> **Work to complete**: Character for character, transcribe the entries below, minus the images.

> **Data provided**:
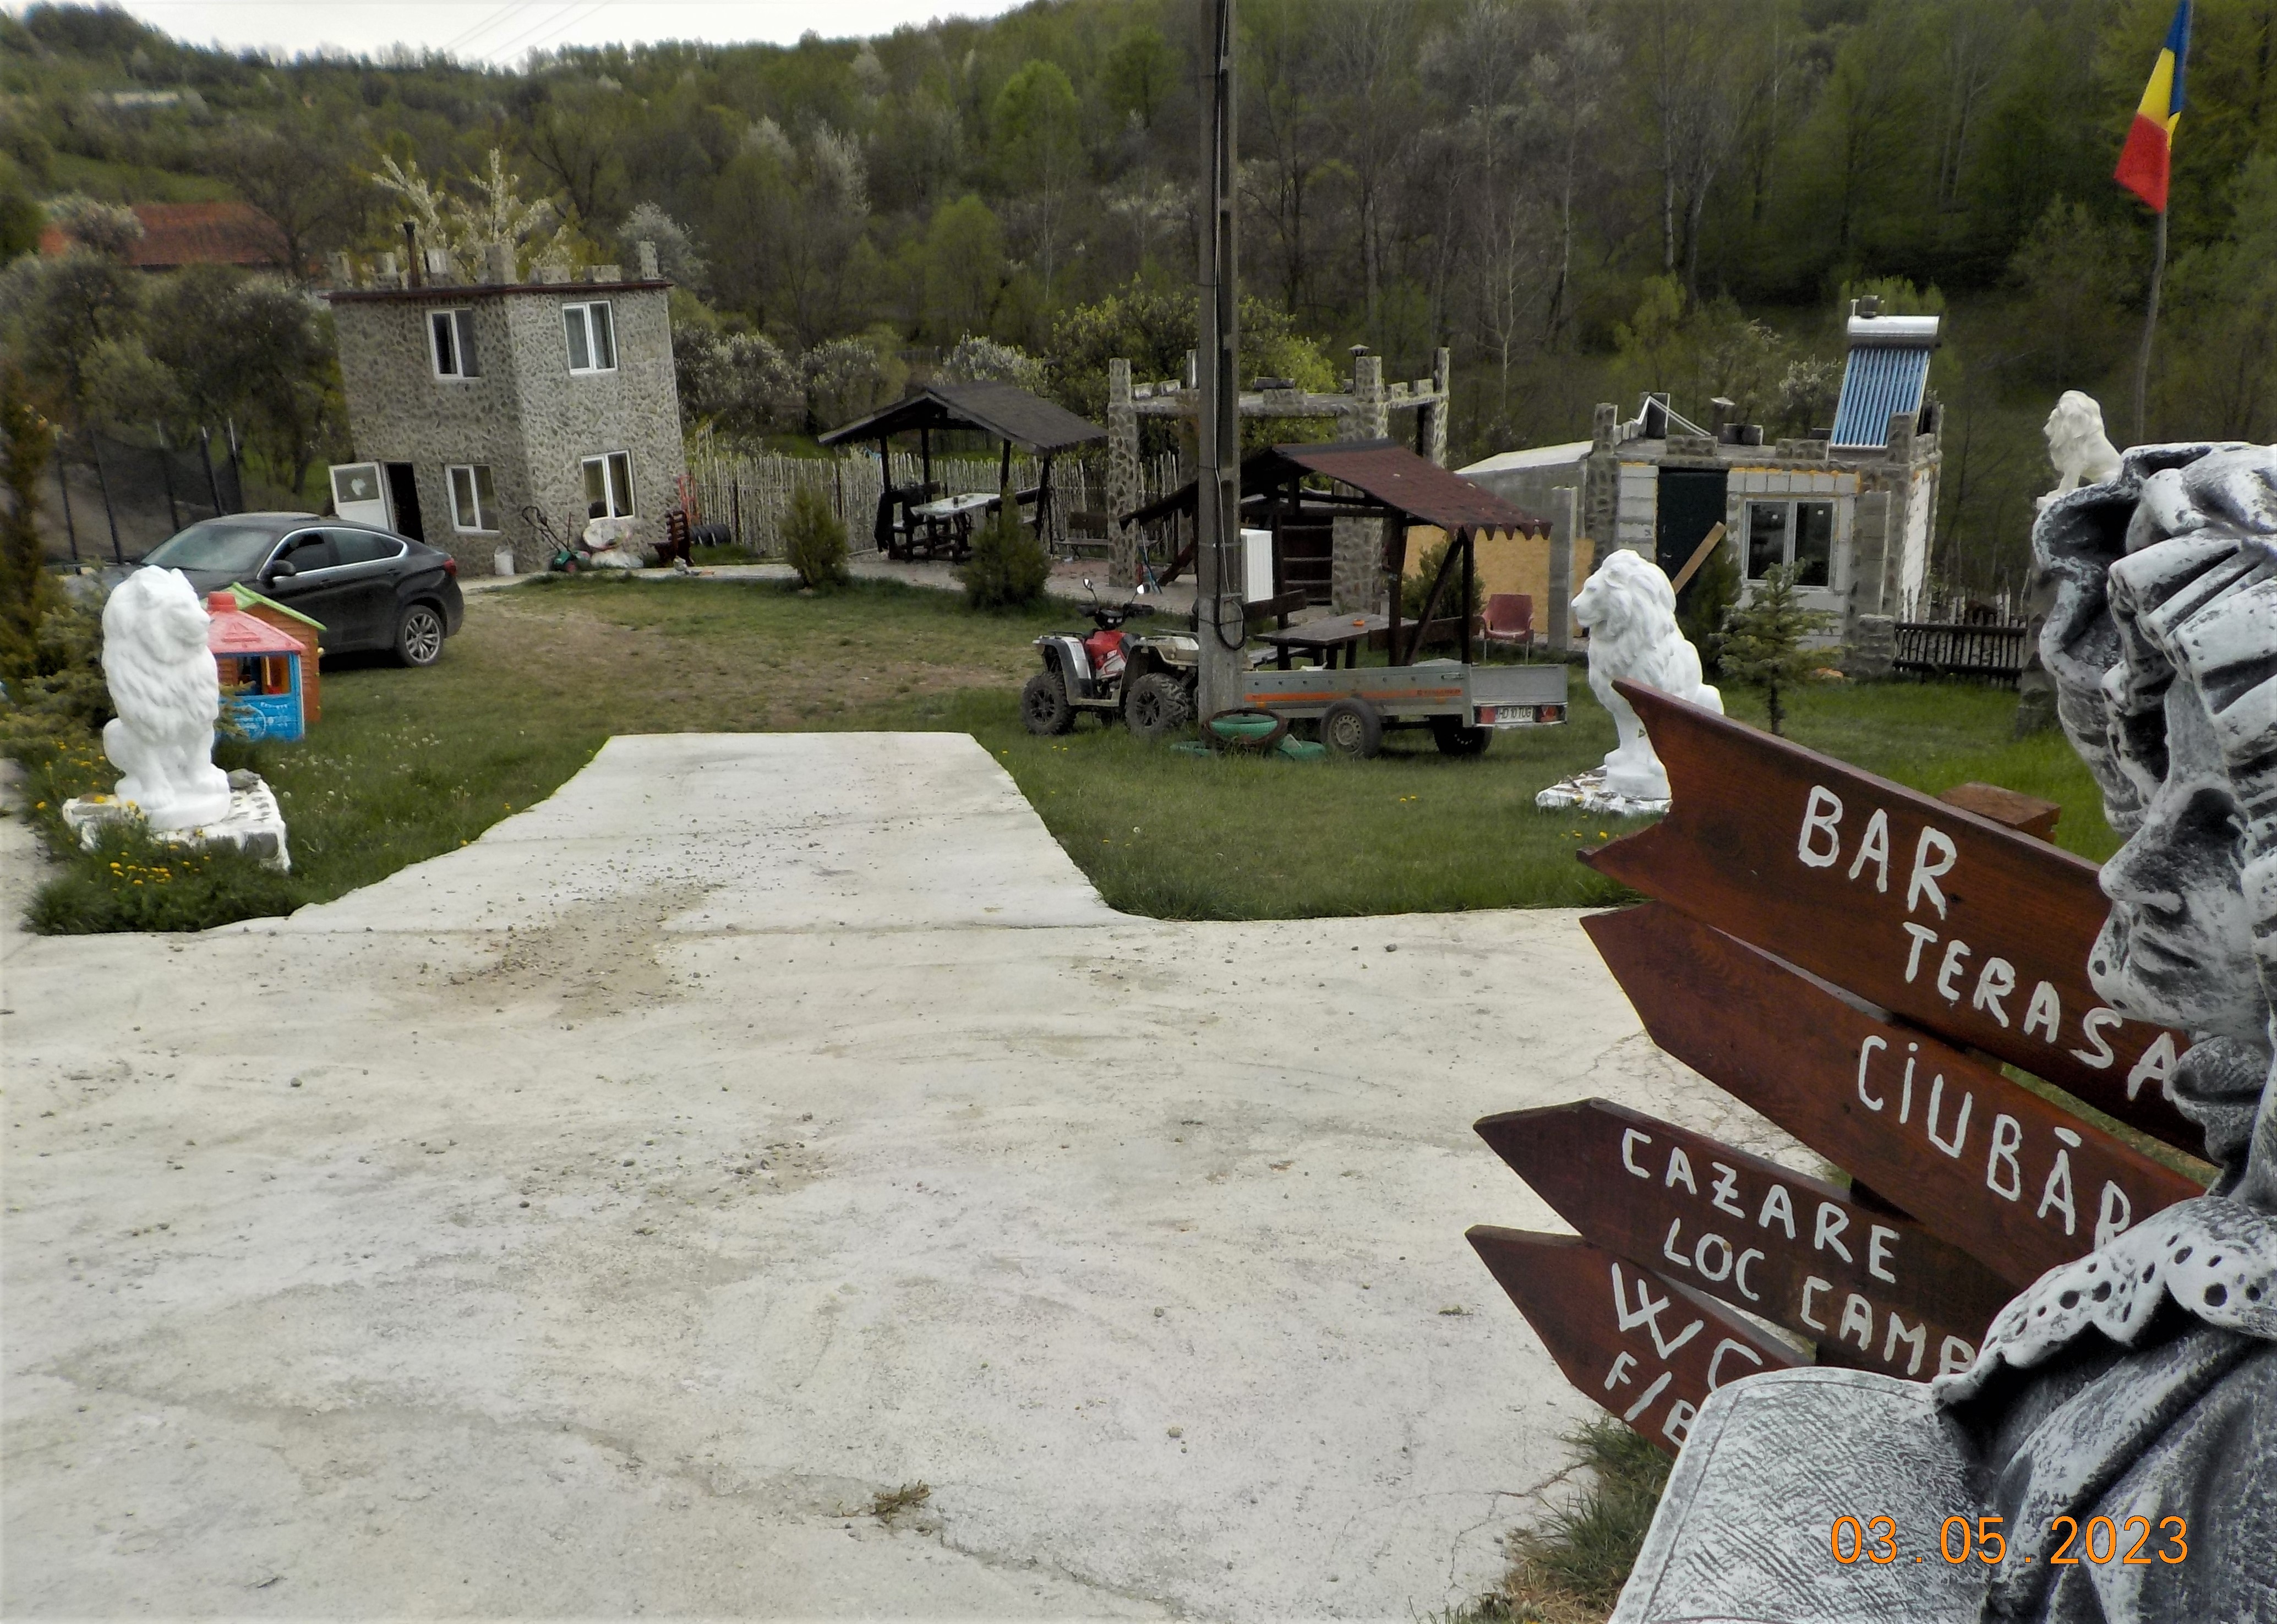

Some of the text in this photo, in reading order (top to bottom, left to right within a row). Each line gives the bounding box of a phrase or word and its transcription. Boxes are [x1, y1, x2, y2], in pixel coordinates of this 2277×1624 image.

[1498, 708, 1508, 719] HD
[1519, 707, 1531, 718] TUG
[1798, 785, 1957, 920] BAR
[1903, 921, 2178, 1101] TERASA
[1621, 1128, 1899, 1283] CAZARE
[1664, 1217, 1765, 1300] LOC
[1612, 1262, 1763, 1392] WC
[1604, 1351, 1697, 1447] F/B

> **Task output**:
Some of the text in this photo, in reading order (top to bottom, left to right within a row). Each line gives the bounding box of a phrase or word and its transcription. Boxes are [x1, y1, x2, y2], in pixel coordinates of this 2277×1624 image.

[1498, 708, 1508, 719] HD
[1519, 707, 1531, 718] TUG
[1798, 785, 1957, 920] BAR
[1903, 921, 2178, 1101] TERASA
[1621, 1128, 1899, 1283] CAZARE
[1664, 1217, 1765, 1300] LOC
[1612, 1262, 1763, 1392] WC
[1604, 1351, 1697, 1447] F/B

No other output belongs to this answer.